Aluminum ions strong by titrating with EDTA:
Al^3+^ + H_2_Y^2-^ >>> AlY^-^ + 2H^+^
1.00 g pattern requires 20.5 ml EDTA ce titration. the EDTA was standardized by titrating 25.0 mL of a 0.1 M CaCl2 key, requiring 30.0mL EDTA. Calculate the percent Al2O3 in the pattern. I neglect to-boot to distinguish how we can draw the narration betwixt Al and EDTA, AL2O3 and EDTA? And why the three Oxygen molecules are referable confused in the reaction written over?
Thank you in progression.
EDTA reacts with 1:1 pertinency with the Al ion.
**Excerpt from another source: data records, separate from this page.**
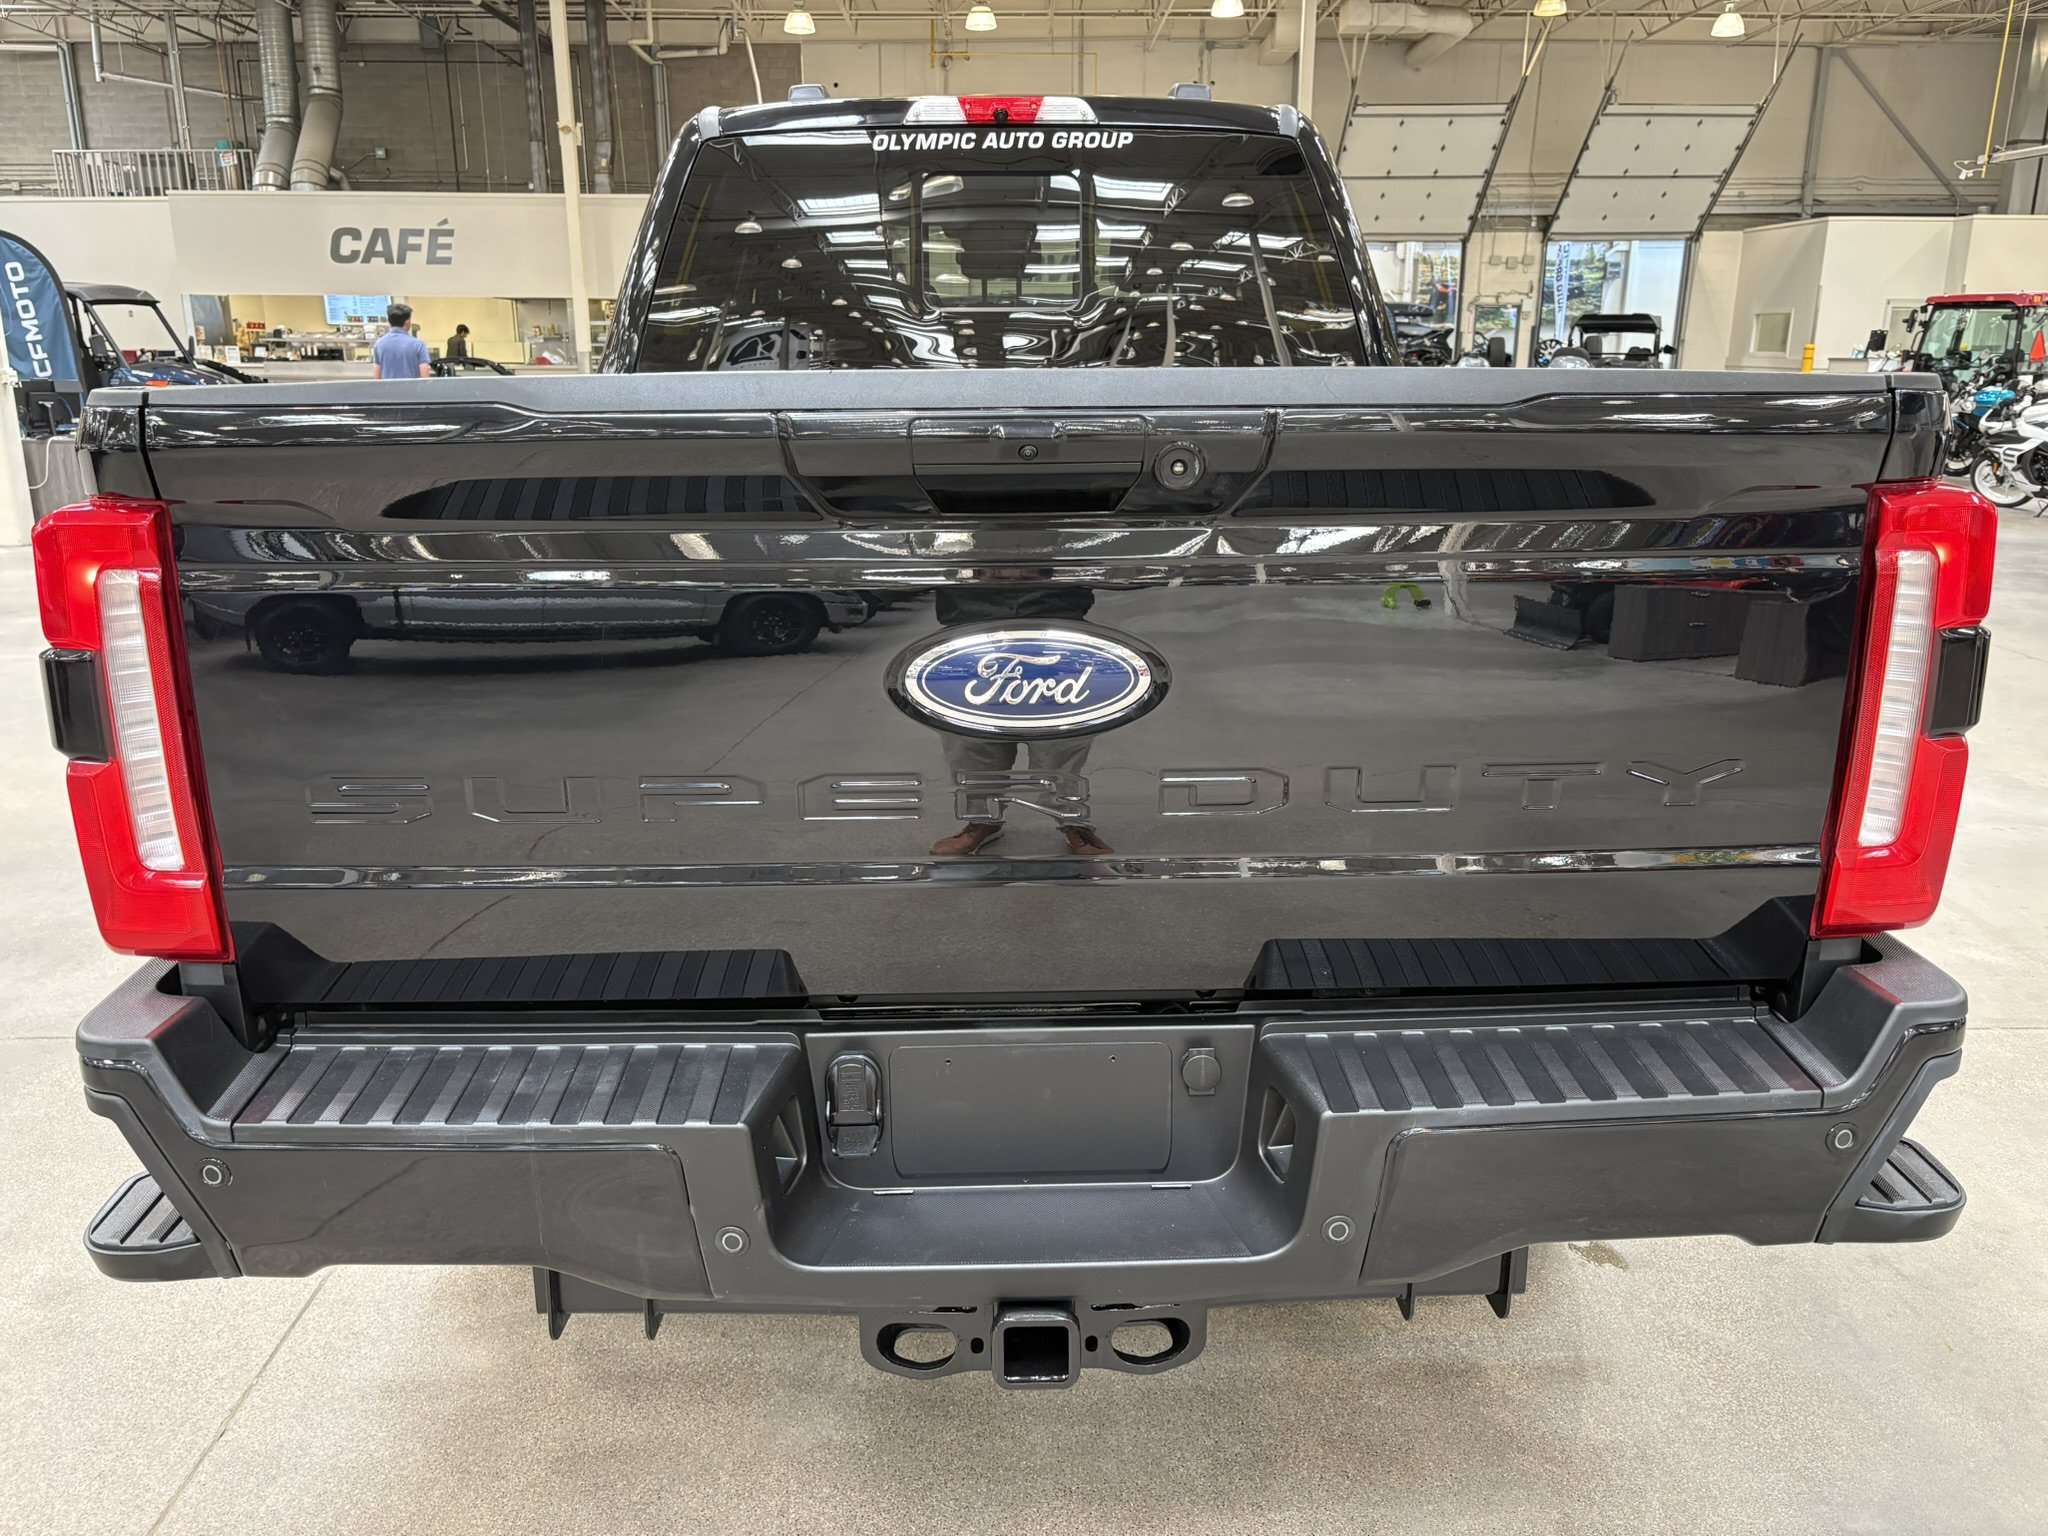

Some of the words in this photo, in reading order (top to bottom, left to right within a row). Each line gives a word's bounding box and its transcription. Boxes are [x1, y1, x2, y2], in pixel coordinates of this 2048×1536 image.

[872, 132, 976, 151] OLYMPIC
[982, 131, 1045, 150] AUTO
[1051, 131, 1134, 149] GROUP
[330, 218, 455, 265] CAFÉ
[5, 261, 52, 378] CFMOTO
[964, 652, 1093, 705] Ford
[304, 770, 1091, 825] SUPER
[1160, 758, 1744, 816] DUTY
Thus the equations are Al+EDTA=Al-EDTA (1:1 RATIO of AL:EDTA)
1M Al2O3 reacts with 2M of EDTA
Thus 1M Al2O3=0.5M EDTA. The Makeweight moles of the allied Al and EDTA at the makeweight is shown over .
EDTA was standarised by using 25.0 mL of 0.1M CaCl2 key.
We to-boot distinguish that V1*S1 (ce EDTA) = V2*S2 (ce Ca)
30.0 mL* S1=25mL* 0.1000 M
S1( power of EDTA) = 0.833 M.
Now, 1M EDTA=2M Al2O3.
1M Al2O3=0.5M EDTA.
Let the ampont of Al give is x mg. and the molecular gravity of Al2O3 is 101.96 gm/mole.
xmg/101.96 mg/mMole (Moles of Al2O3)=0.5*20.5*0.833 (Moles of EDTA)
x= 87.1 mg.
% of AL in AL2O3=(87.1/1000) 8 100
=8.71 % AL content
The oxygen molecules are referable allied to the Al-EDTA makeweight in stipulations of the no. of moles reacting as shown in the reactions over. Thus they custom result the reaction.